Die Stücke sind intime Seelenbekenntnisse voll zarter, typischer nordischer Poesie und Tonsprache. Zyklisch wird das Werk praktisch nie aufgeführt – vielmehr sind einige Stücke wie Hochzeitstag auf Troldhaugen, Zug der Zwerge, An den Frühling und Arietta zu echten Dauerbrennern geworden, während andere bedeutend seltener gespielt werden.

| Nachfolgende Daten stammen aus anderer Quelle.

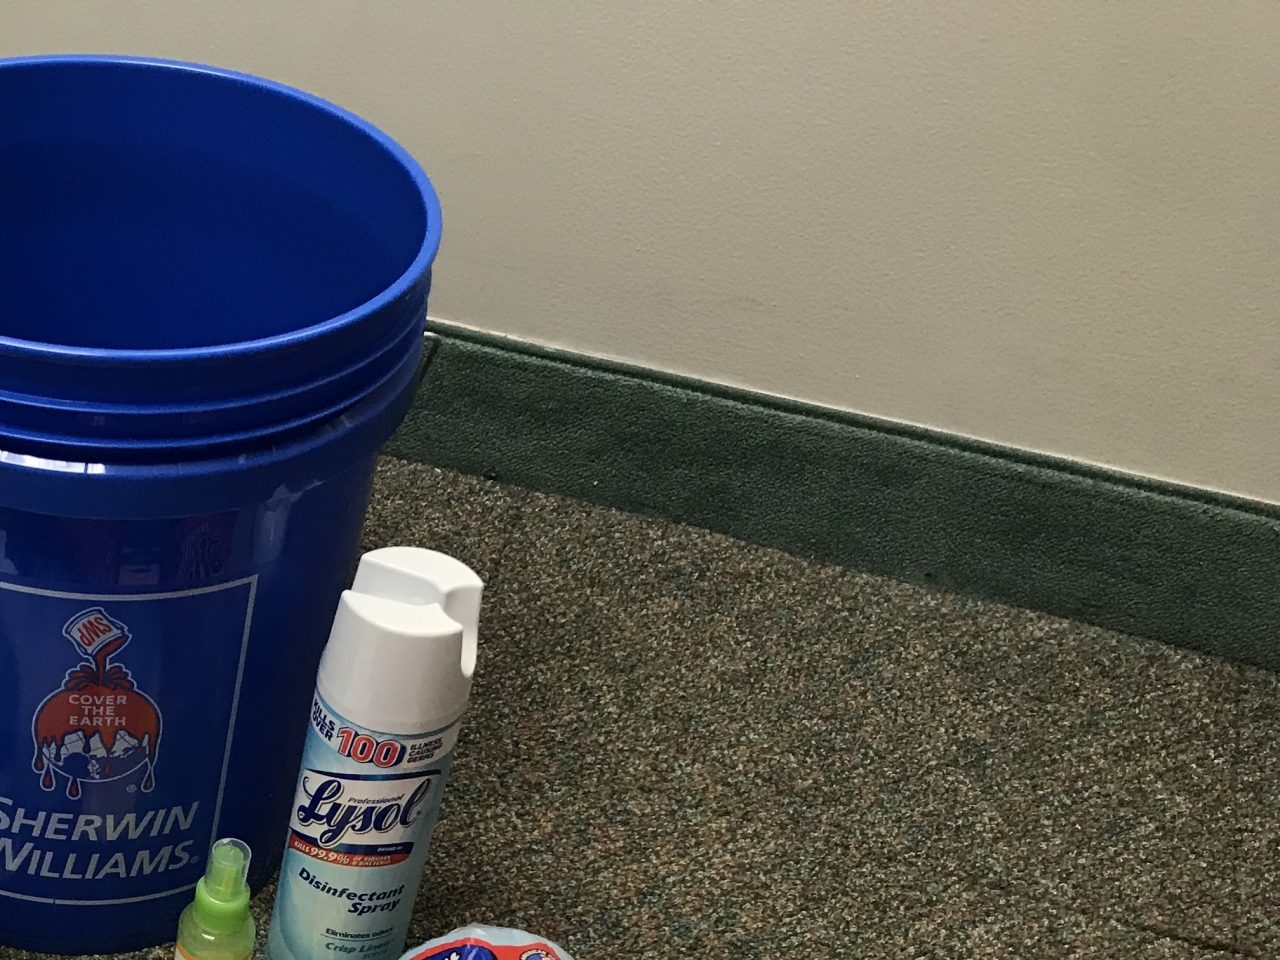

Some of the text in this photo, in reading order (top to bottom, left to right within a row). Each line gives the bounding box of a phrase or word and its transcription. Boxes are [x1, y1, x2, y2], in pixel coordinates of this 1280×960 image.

Unter den wenigen Gesamtaufnahmen ist die Aufnahme des deutschen Pianisten Gerhard Oppitz die empfehlenswerte. Sieht man einmal von bisweilen eigenwillligen Tempovorstellungen ab, ist dies eine Einspielung, die mit Natürlichkeit, Charme und Schlichtheit punktet. Die von mir empfohlene, preisgünstige Box enthält übrigens das gesamte Klaiverwerk Griegs – außer den lyrischen Stücken haben es sonst nur die Sonate e-Moll op. 7 und die Ballade op. 24 halbwegs zu Bekanntheit gebracht.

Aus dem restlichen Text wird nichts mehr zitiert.